NEW YORK - Stock and bond pickers have been losing ground for years to low-cost funds that simply track indexes like the S&P 500 or factors such as low volatility. Now they face a new threat: robots. In 2019, logic favors a bigger role for the machines.

Technology has been creeping into investing for decades, with quantitative hedge funds like James Simons’ Renaissance Technologies, D.E. Shaw and Two Sigma leading the way. By recruiting hundreds of math and physics Ph.D.s and employing powerful computers and high-speed data lines, they exploit anomalies between individual securities or follow market momentum to deliver consistent returns.

Now they and new entrants have taken things up a notch by combining machine learning, a technology used in self-driving vehicles in which computers improve their ability to recognize patterns, with alternative data sources. These include satellite imagery and natural language processing of company earnings calls. The aim is to go beyond fleeting intraday arbitrage opportunities to profitable trades than can last longer.

BlackRock BLK.N gave this strategy a big endorsement in 2017 when it announced it would lay off a handful of portfolio managers in its active equity business and use AI to help make investment decisions. Hedge fund AQR recently hired prominent data scientist Marcos Lopez de Prado to spearhead its machine-learning efforts. Fidelity Investments has quietly built up a team of nearly 140 data geeks.
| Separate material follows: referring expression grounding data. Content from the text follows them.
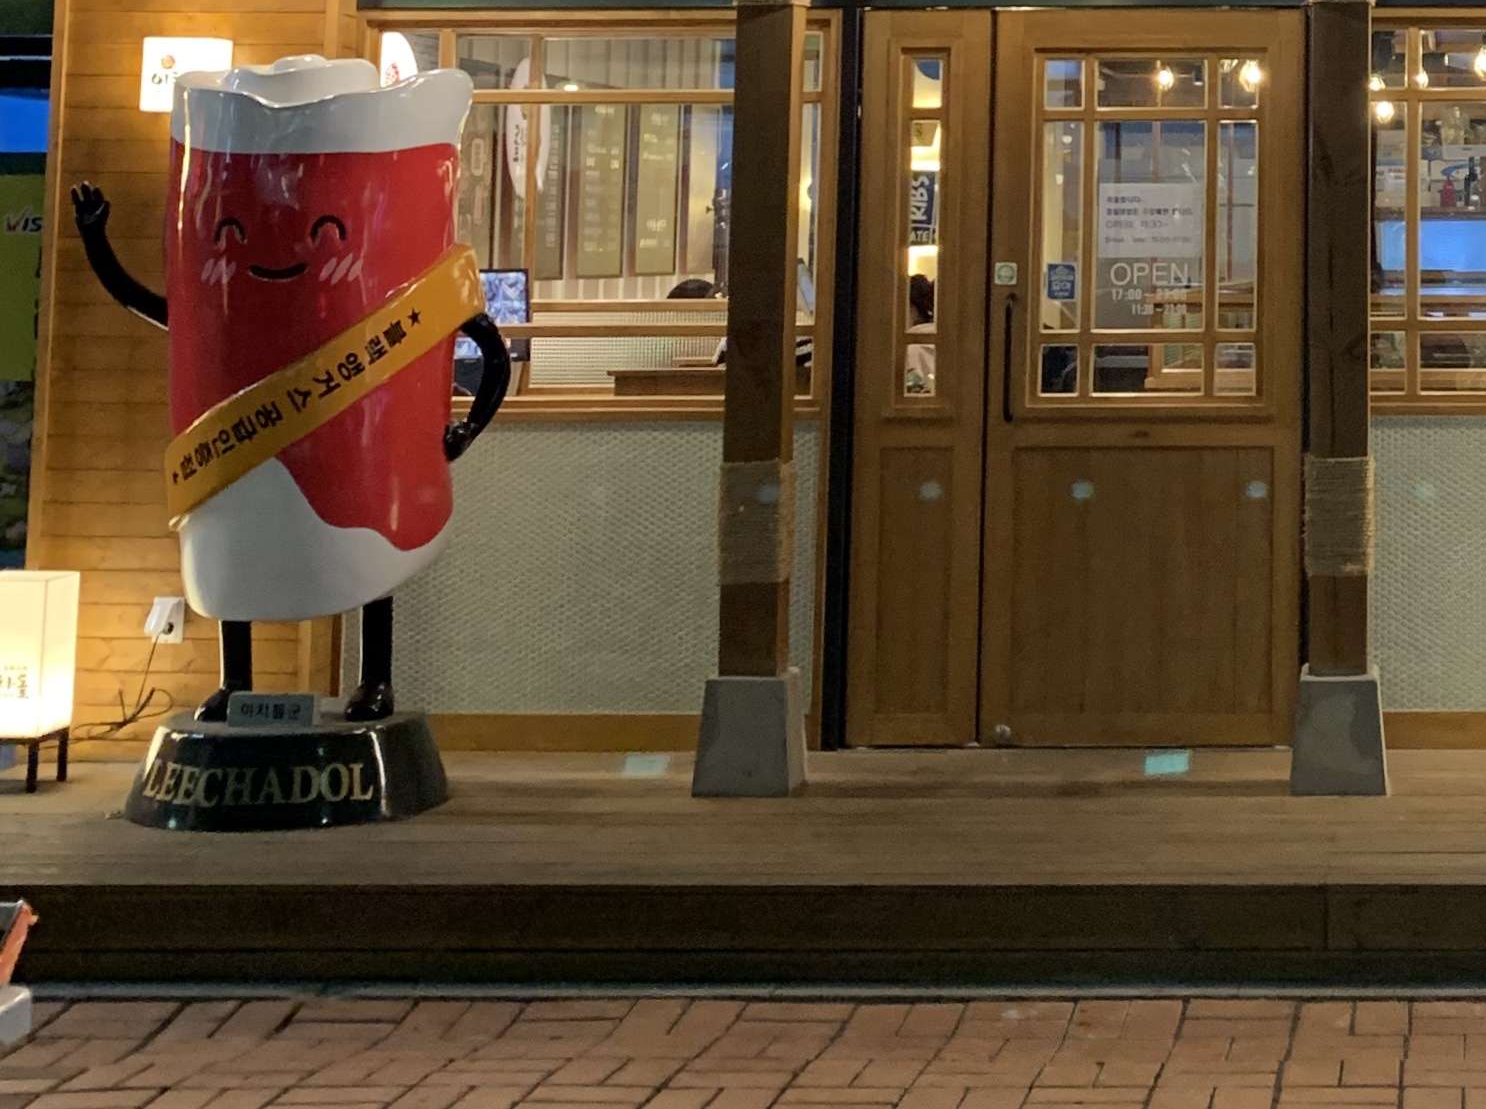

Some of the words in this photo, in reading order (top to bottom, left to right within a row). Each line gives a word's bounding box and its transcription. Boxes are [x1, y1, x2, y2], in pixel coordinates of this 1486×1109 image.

[1110, 262, 1189, 286] OPEN
[286, 319, 408, 414] 블랙앵거스
[143, 761, 375, 805] LEECHADOL
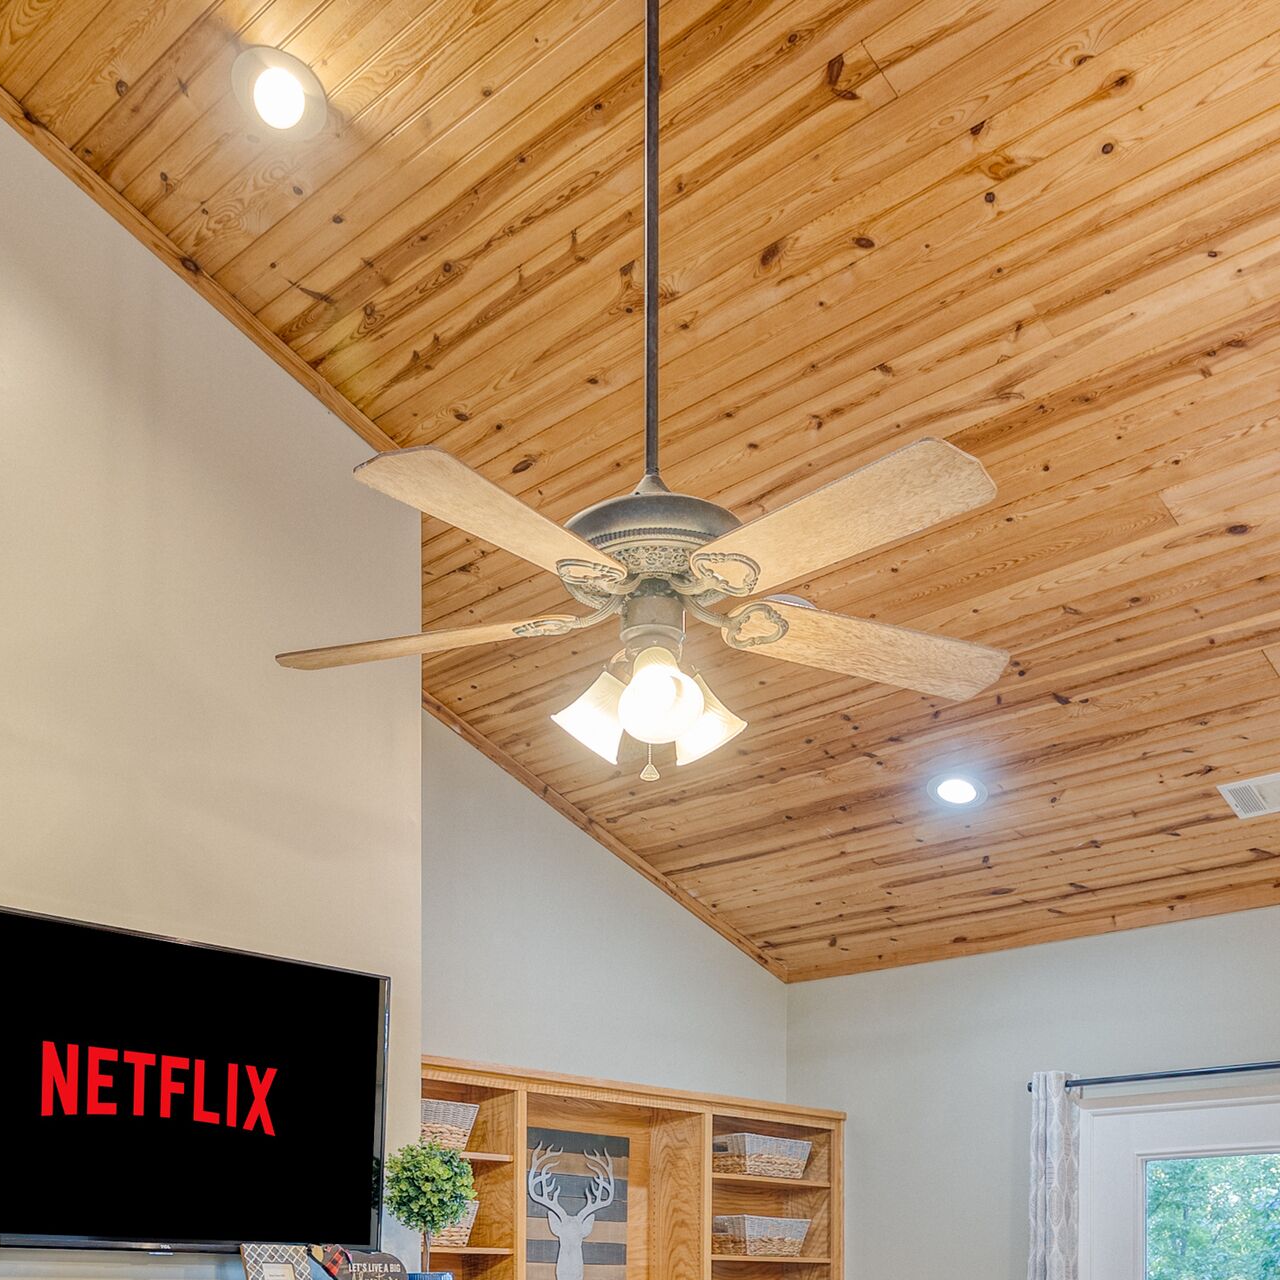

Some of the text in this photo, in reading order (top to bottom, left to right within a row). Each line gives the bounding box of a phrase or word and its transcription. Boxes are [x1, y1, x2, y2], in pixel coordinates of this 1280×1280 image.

[41, 1040, 278, 1137] NETFLIX
[348, 1262, 368, 1273] LET'S
[369, 1263, 383, 1273] LIVE
[384, 1263, 389, 1273] A
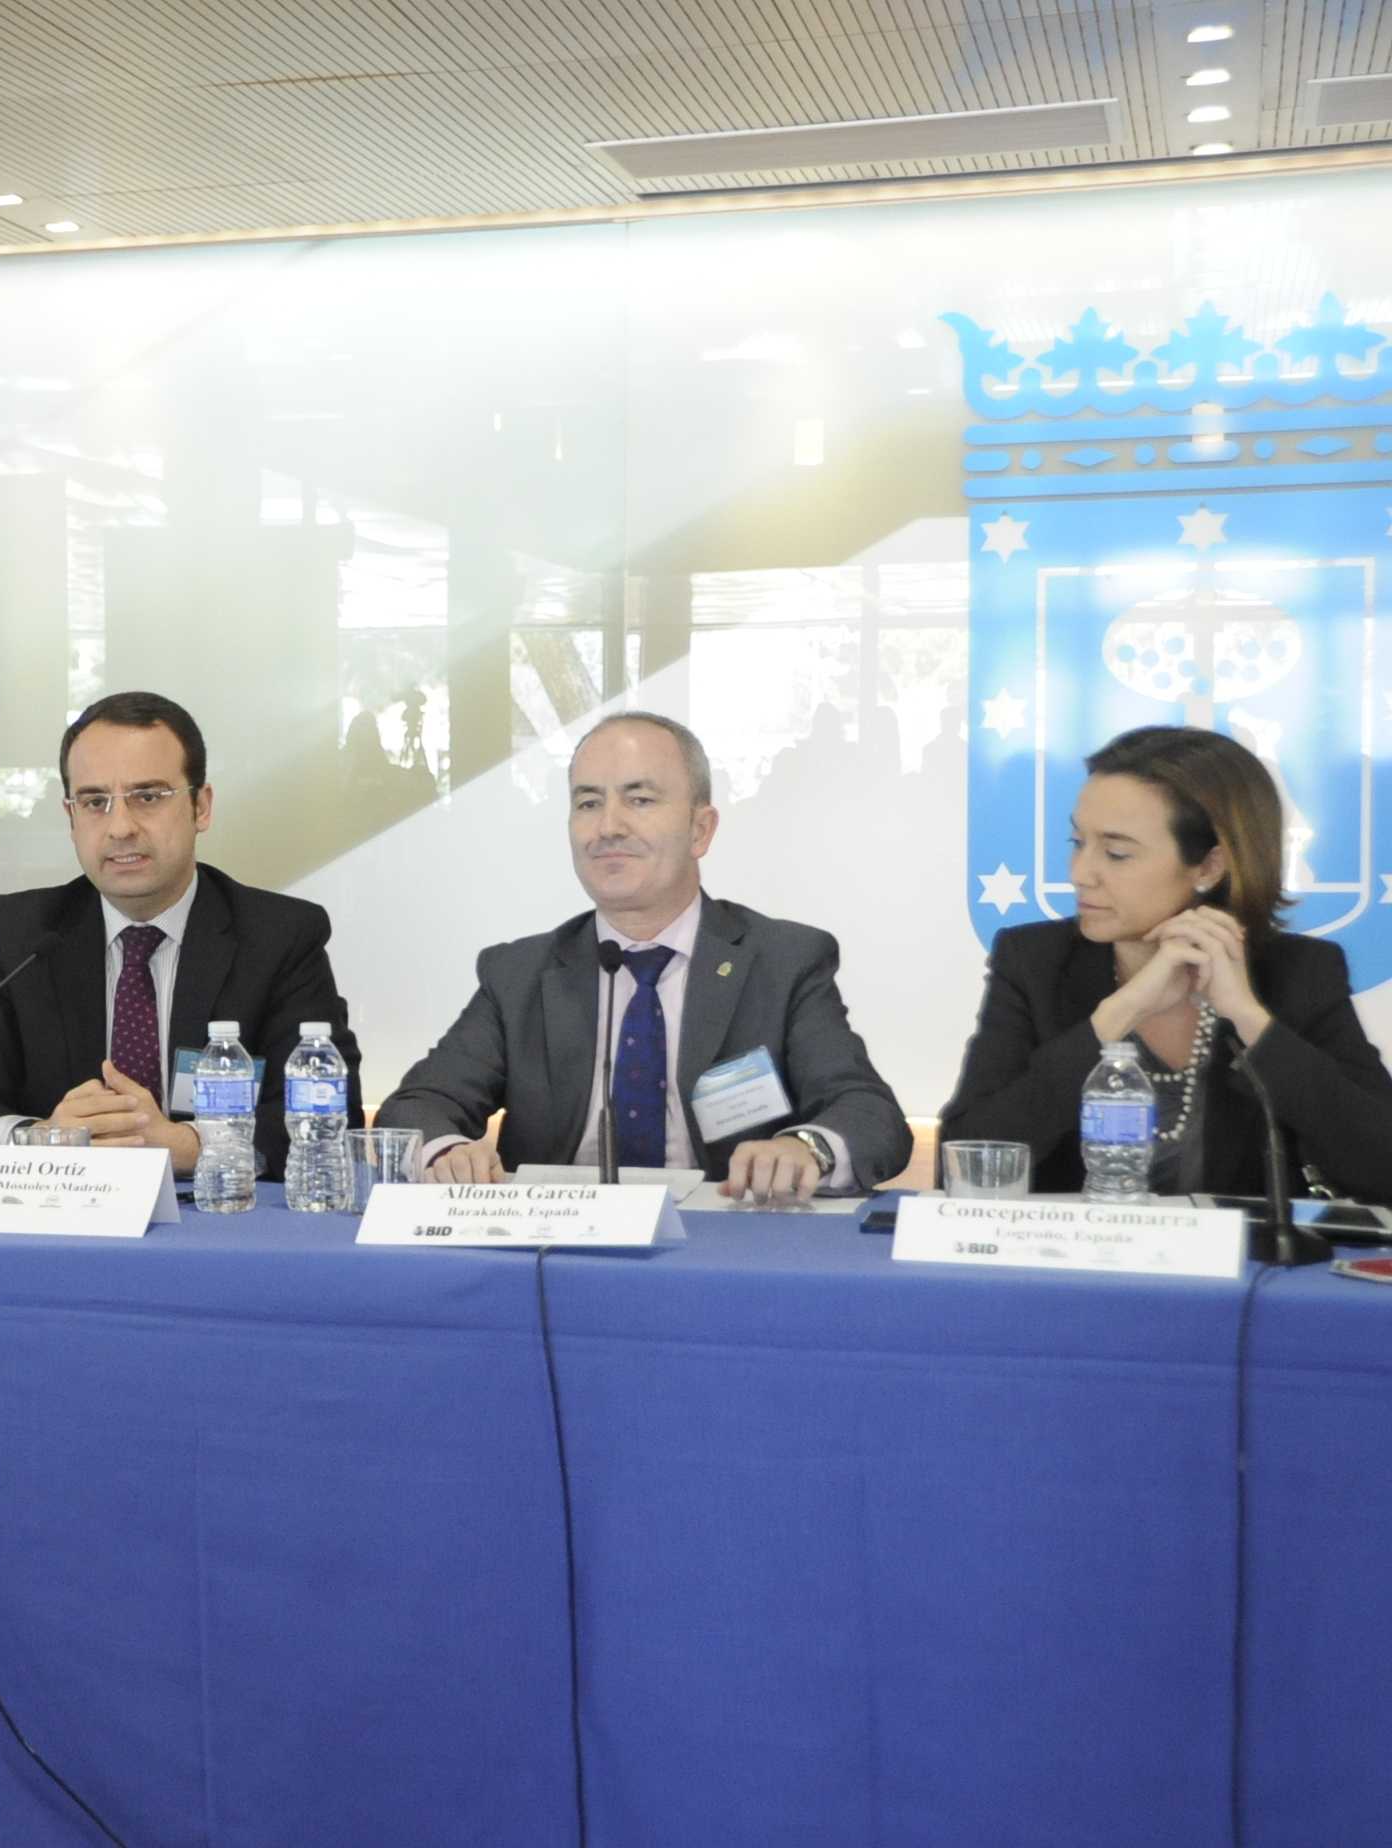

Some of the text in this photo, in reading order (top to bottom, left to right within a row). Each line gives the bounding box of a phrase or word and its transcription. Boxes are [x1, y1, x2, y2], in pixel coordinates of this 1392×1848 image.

[38, 1161, 87, 1176] Ortiz
[440, 1184, 597, 1200] Alfonso García
[937, 1201, 1199, 1227] Concepción Gamarra
[967, 1242, 999, 1255] BID
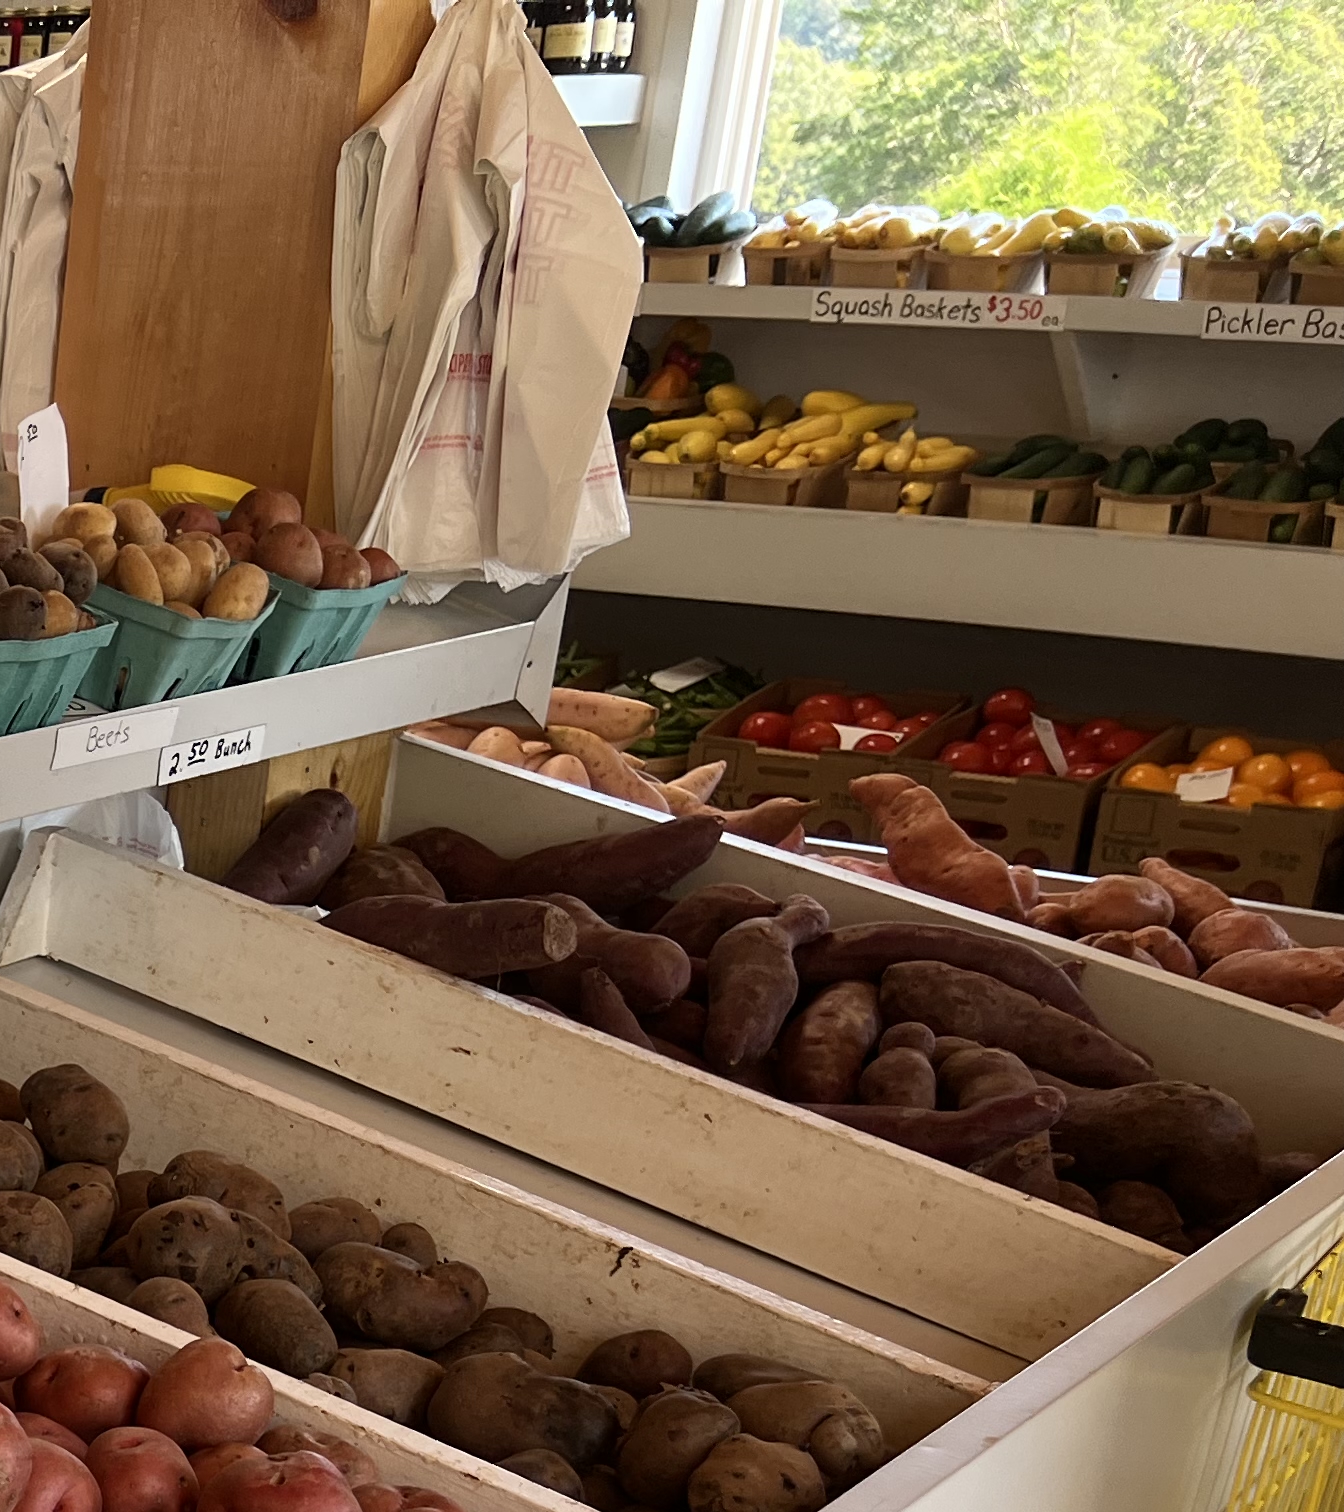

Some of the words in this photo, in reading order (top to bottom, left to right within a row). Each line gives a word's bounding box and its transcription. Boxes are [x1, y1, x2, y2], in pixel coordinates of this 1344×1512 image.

The transition isn’t easy or foolproof, and no one expects computers to fully replace portfolio managers. Jeff Shen, BlackRock’s head of systematic active equities, says it’s difficult to detect market signals among the noise of more than 200 data sources the firm tracks. Lopez de Prado has written that many firms mistakenly force their information analysts to compete with one another rather than collaborate, or find false patterns with algorithms.

Humans already struggle to prove their worth picking big stocks. That’s one reason why investors pulled $160 billion out of actively managed U.S. equity funds in the 12 months to the end of October while pouring over $170 billion into index-linked and exchange-traded strategies, according to Morningstar. It’s time to welcome the AI-powered investment overlords.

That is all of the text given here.